The hot-hand fallacy is the tendency to believe that someone who has been successful in a task or activity is more likely to be successful again in further attempts. The hot-hand fallacy derives from the saying that athletes have “hot hands” when they repeatedly score, causing people to believe that they are on a streak and will continue to have successful outcomes.
His goals with Twitter feel like hubris not confidence but I guess that is the “bullshitter”? The thing from left field is still “succeed at what”. Right now it almost seems like he wants to attract people like mr beast to the platform and turn it into a 24-hour reality tv show. That is an option that I think could be successful, and the author seems to limit his own vision of twitter 2.0 to not include rich media, which Is not the correct way to think about it.
The original vision of some kind of paid for public square with mature discourse that 80% of the world subscribes to is feasible.
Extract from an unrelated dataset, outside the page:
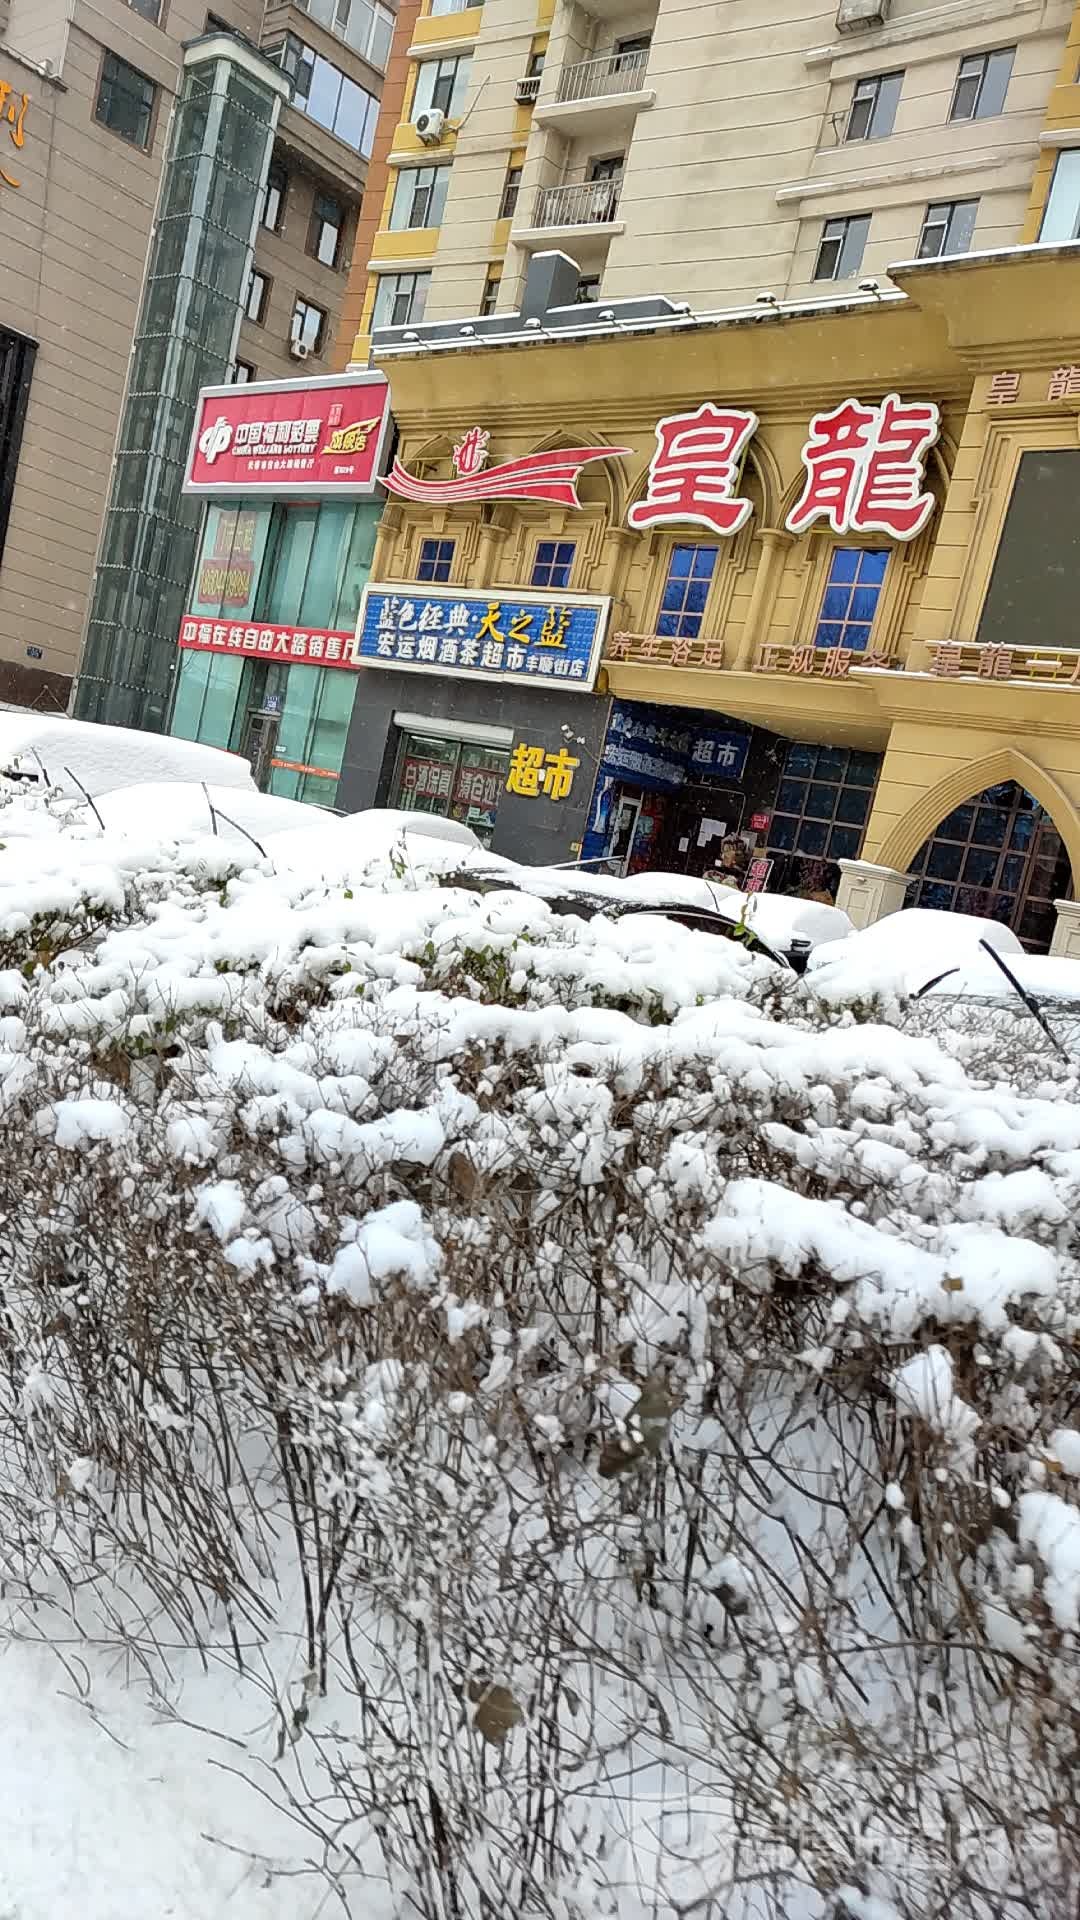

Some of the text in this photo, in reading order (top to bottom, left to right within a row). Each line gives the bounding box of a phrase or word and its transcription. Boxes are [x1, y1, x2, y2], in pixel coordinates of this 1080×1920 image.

Jerry Springer is a much more believable recipe for success than C-SPAN.
If he ends up turning it into a place where the only advertisers who want to be there are shilling male enhancement pills and survivalist supplies, he may have a problem.
Some of the staff would have been working on things that don't matter in the short term but could be eventually disastrous if they don't get done. An example would be third-party software updates to fix security holes.
Ultimately, Twitter will survive simply because there is no replacement for it right now. But it will look and function differently since Musk wants to make a site that has finance at its core for revenue rather than advertisers.
People have speculated that all the tech parts of Twitter can be replicated for less than 500mil so in a way I can see why Musk wants to get rid of a big chunk of its workforce and rebuild it as a new entity with new people and a new way of thinking at its core.
He'll rebuild it and have a new revenue model for it. It will be interesting.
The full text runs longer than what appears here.